Outro fator de extrema importância é a preparação dos sucessores. Antes de assumir qualquer papel dentro da organização, é preciso se capacitar como profissional. O sucessor tem que sempre pensar que se ele decidir concorrer a uma vaga em uma empresa qualquer, tem de estar preparado para isso. Então, porque não fazer o mesmo pela sua própria empresa? “Outro instrumento importante quando envolve muitos grupos familiares é a criação de ‘Holdings’, separando da gestão as questões pertinentes aos interesses das famílias e suas relações com a organização, evitando ingerências e desmandos, melhorando as relações dos herdeiros com os profissionais de mercado. Instrumentos testamentários também devem ser vistos como ferramentas de amortização de conflitos, determinando regimes de casamento visando proteger os herdeiros (as) dos insucessos matrimoniais”, destaca Camargo.

Uma empresa familiar não é feita só de problemas

É preciso sim pontuar os erros e desafios ao longo da jornada, mas também é preciso mencionar que há vantagens contidas nas empresas familiares, tendo como a principal a lealdade dos empregados, pois conseguem enxergar e identificar-se com o comando da organização, trazendo um sensação de proximidade.  Nessas empresas, as decisões são mais ágeis, trazendo uma real vantagem competitiva. Nelas também é visível sua maior sensibilidade social e política, pois se relaciona mais intensamente com a sociedade, carregando um forte traço de união entre o passado e o futuro. 

Para encerrar, é importante lembrar que quase noventa por cento dos empregos no Brasil estão nas empresas familiares e elas são mais de noventa por cento as empresas, com uma significativa participação no Produto Interno Bruto, enfim, neste país onde temos na população uma forte vertente para empreender, as organizações familiares continuarão a surgir e muitas delas prosperarão.

Atenção ao ciclo das empresas familiares

Início ou fundação: nesta fase, essas empresas sofrem uma forte tendência à autocracia, com forte concentração das decisões. O(s) fundador (es) impõem-se durante tantos anos, que costumam ter um obstáculo à profissionalização. Eles acreditam que dedicarem-se muito ao negócio e apegam-se demasiadamente à organização, exercendo um papel que por muitas vezes confundem a pessoa física com a jurídica. Esse perfil tende a ter muita dificuldade em treinar e avaliar os filhos.

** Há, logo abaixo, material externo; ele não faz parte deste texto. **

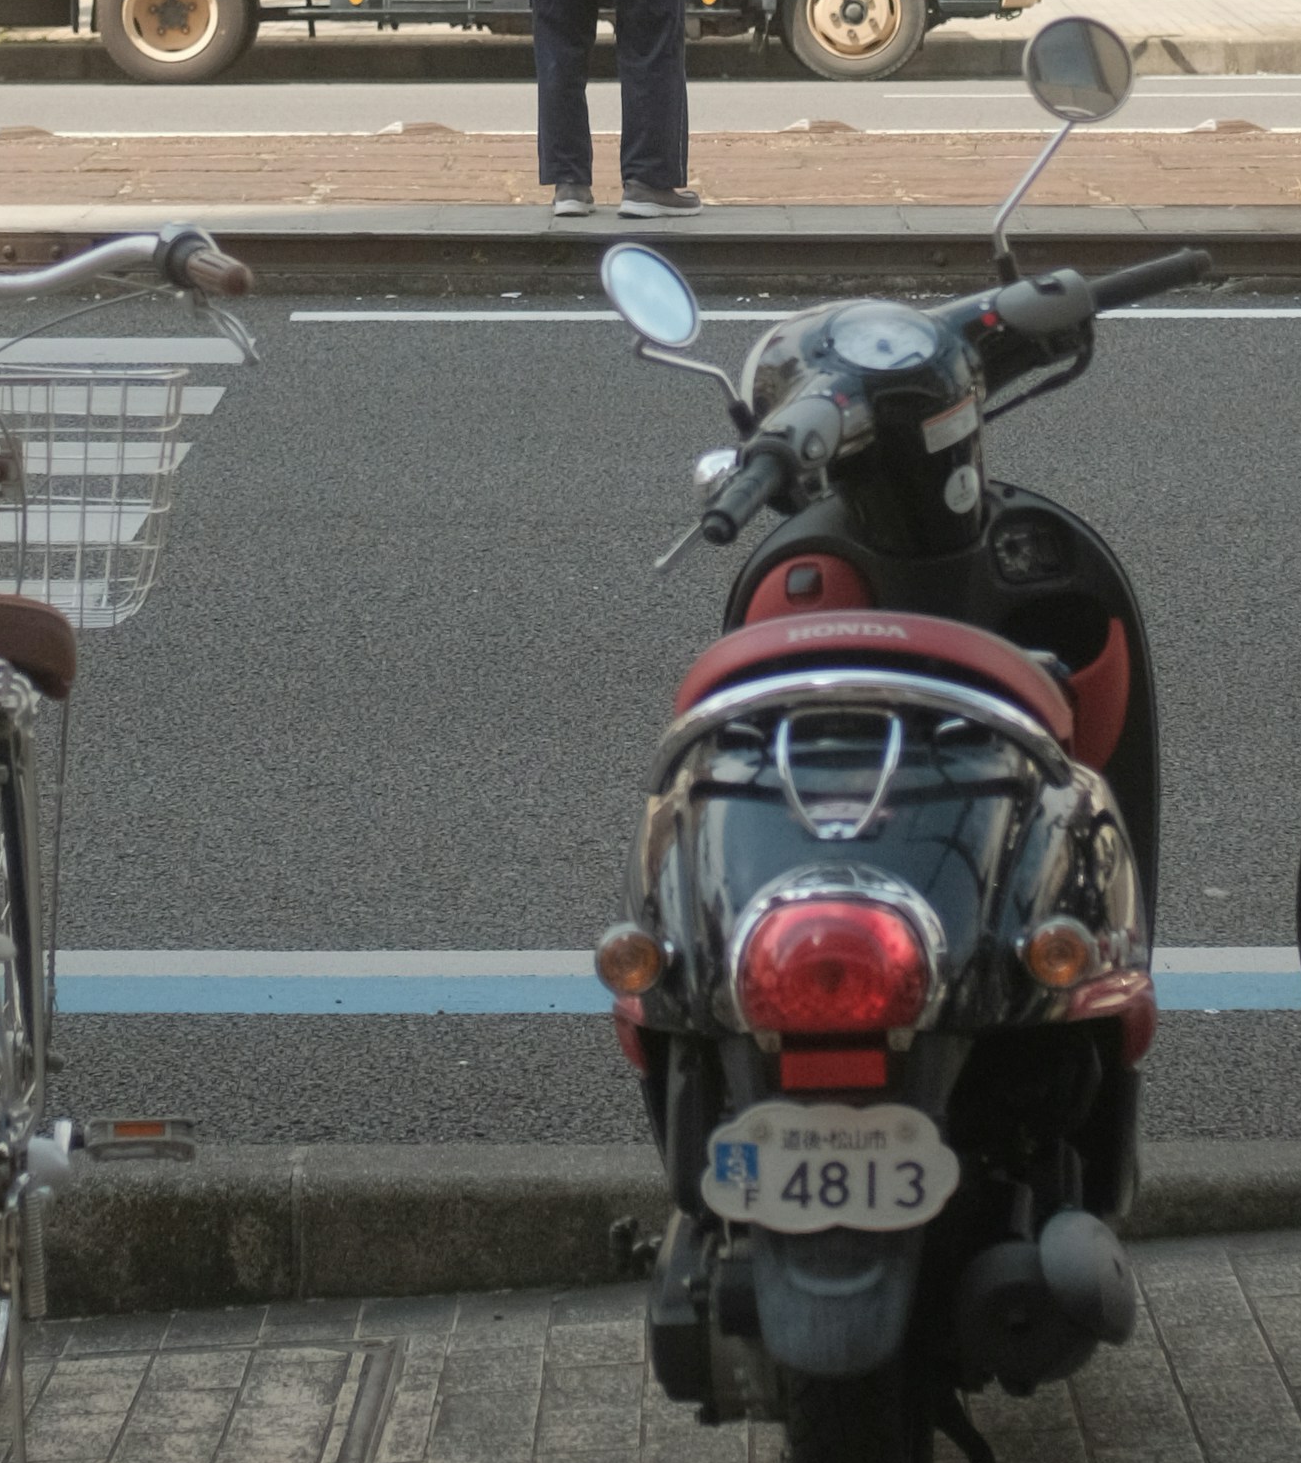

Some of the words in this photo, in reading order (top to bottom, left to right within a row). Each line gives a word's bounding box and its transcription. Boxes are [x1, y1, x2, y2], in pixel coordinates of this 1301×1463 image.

Crescimento/Apogeu: Nesta fase já aparecem as primeiras crises entre os sucessores, bem como a incompatibilidade entre os filhos e parentes, pois quase sempre pensam diferente não só entre eles, mas também dos fundadores. Surge aqui a necessidade da profissionalização, tendo em vista o tamanho e multiplicidade dos negócios, é neste momento que a organização atinge ao máximo.

Declínio: Caso essa empresa não tome as devidas providências no seu apogeu, pode ocorrer uma pulverização do poder acionário e do patrimônio, com possíveis divergências entre os sucessores com conseqüente falta de liderança. Neste ponto, a empresa distancia-se dos valores do fundador e perde sua identidade, enquanto os conflitos familiares crescem, uma vez que a família só enxerga a empresa como “provedora” e não um negócio, o que agrava a tomada de decisões e divisões de cargos e tarefas.